Wang Rui, Schlick Tamar
Simons Center for Computational Physical Chemistry, New York University, New York, New York, United States of America.
Department of Chemistry, New York University, New York, New York, United States of America.
PLoS Comput Biol. 2025 Jul 15;21(7):e1013230. doi: 10.1371/journal.pcbi.1013230. eCollection 2025 Jul.

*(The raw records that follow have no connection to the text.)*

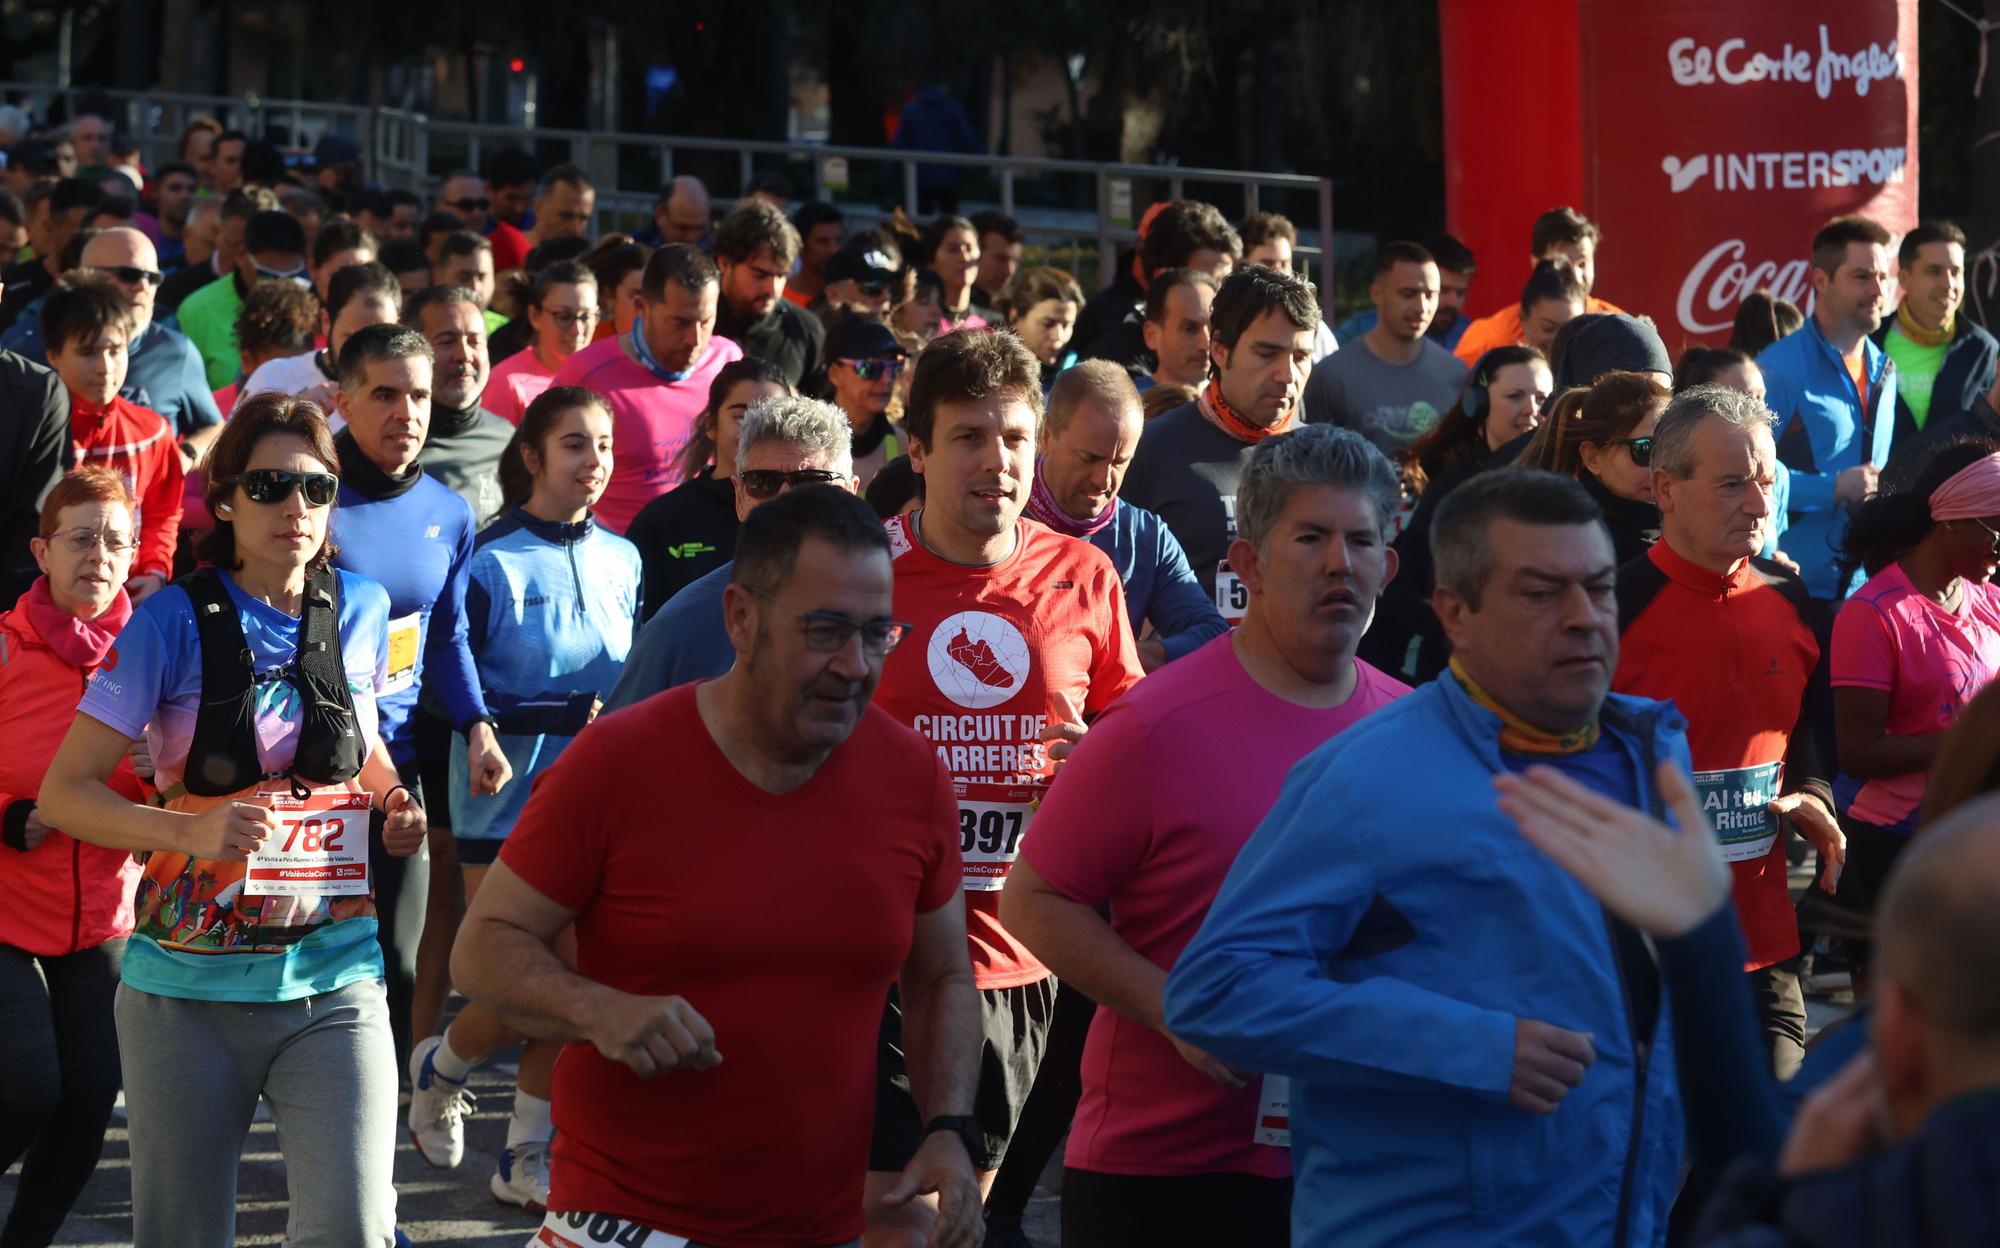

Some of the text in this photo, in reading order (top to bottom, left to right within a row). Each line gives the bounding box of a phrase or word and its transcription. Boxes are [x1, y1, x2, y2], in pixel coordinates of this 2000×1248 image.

[1668, 37, 1715, 86] El
[1716, 38, 1812, 85] Corte
[914, 715, 1016, 742] CIRCUIT
[936, 744, 1046, 772] ARRERES
[1703, 789, 1728, 810] Al
[1716, 810, 1765, 831] Ritme
[281, 818, 344, 852] 782
[963, 865, 1004, 874] nciaCorre

Identifying novel and functional RNA structures remains a significant challenge in RNA motif design and is crucial for developing RNA-based therapeutics. Here we introduce a computational topology-based approach with unsupervised machine-learning algorithms to estimate the database size and content of RNA-like graph topologies. Specifically, we apply graph theory enumeration to generate all 110,667 possible 2D dual graphs for vertex numbers ranging from 2 to 9. Among them, only 0.11% (121 dual graphs) correspond to approximately 200,000 known RNA atomic fragments/substructures (collected in 2021) using the RNA-as-Graphs (RAG) framework. The remaining 99.89% of the dual graphs may be RNA-like or non-RNA-like. To determine which dual graphs in the 99.89% hypothetical set are more likely to be associated with RNA structures, we apply computational topology descriptors using the Persistent Spectral Graphs (PSG) method to characterize each graph using 19 PSG-based features and use clustering algorithms that partition all possible dual graphs into two clusters. The cluster with the higher percentage of known dual graphs for RNA is defined as the "RNA-like" cluster, while the other is considered as "non-RNA-like". The distance between each dual graph and the center of the RNA-like cluster represents the likelihood of it belonging to RNA structures. From validation, our PSG-based RNA-like cluster includes 97.3% of the 121 known RNA dual graphs, suggesting good performance. Furthermore, 46.017% of the hypothetical RNAs are predicted to be RNA-like. Among the top 15 graphs identified as high-likelihood candidates for novel RNA motifs, 4 were confirmed from the RNA dataset collected in 2022. Significantly, we observe that all the top 15 RNA-like dual graphs can be separated into multiple subgraphs, whereas the top 15 non-RNA-like dual graphs tend not to have any subgraphs (subgraphs preserve pseudoknots and junctions). Moreover, a significant topological difference between top RNA-like and non-RNA-like graphs is evident when comparing their topological features (e.g., Betti-0 and Betti-1 numbers). These findings provide valuable insights into the size of the RNA motif universe and RNA design strategies, offering a novel framework for predicting RNA graph topologies and guiding the discovery of novel RNA motifs, perhaps anti-viral therapeutics by subgraph assembly.
识别新型且具有功能的RNA结构仍然是RNA基序设计中的一项重大挑战,对于开发基于RNA的疗法至关重要。在此,我们引入一种基于计算拓扑学的方法,并结合无监督机器学习算法,来估计类RNA图形拓扑的数据库大小和内容。具体而言,我们应用图论枚举法生成顶点数从2到9的所有110,667种可能的二维对偶图。其中,使用“RNA作为图形”(RAG)框架,只有0.11%(121个对偶图)对应于约200,000个已知的RNA原子片段/子结构(于2021年收集)。其余99.89%的对偶图可能是类RNA的,也可能不是类RNA的。为了确定99.89%的假设集合中的哪些对偶图更有可能与RNA结构相关联,我们应用基于持久谱图(PSG)方法的计算拓扑描述符,使用19个基于PSG的特征来表征每个图形,并使用聚类算法将所有可能的对偶图划分为两个聚类。已知RNA对偶图比例较高的聚类被定义为“类RNA”聚类,而另一个则被视为“非类RNA”聚类。每个对偶图与类RNA聚类中心之间的距离代表其属于RNA结构的可能性。通过验证,我们基于PSG的类RNA聚类包含121个已知RNA对偶图中的97.3%,表明性能良好。此外,预计46.017%的假设RNA是类RNA的。在被确定为新型RNA基序高可能性候选的前15个图形中,有4个从2022年收集的RNA数据集中得到了证实。值得注意的是,我们观察到所有前15个类RNA对偶图都可以分离为多个子图,而前15个非类RNA对偶图往往没有任何子图(子图保留假结和连接)。此外,在比较它们的拓扑特征(例如,贝蒂数0和贝蒂数1)时,顶级类RNA和非类RNA图形之间存在明显的拓扑差异。这些发现为RNA基序宇宙的大小和RNA设计策略提供了有价值的见解,为预测RNA图形拓扑和指导新型RNA基序的发现(可能通过子图组装开发抗病毒疗法)提供了一个新的框架。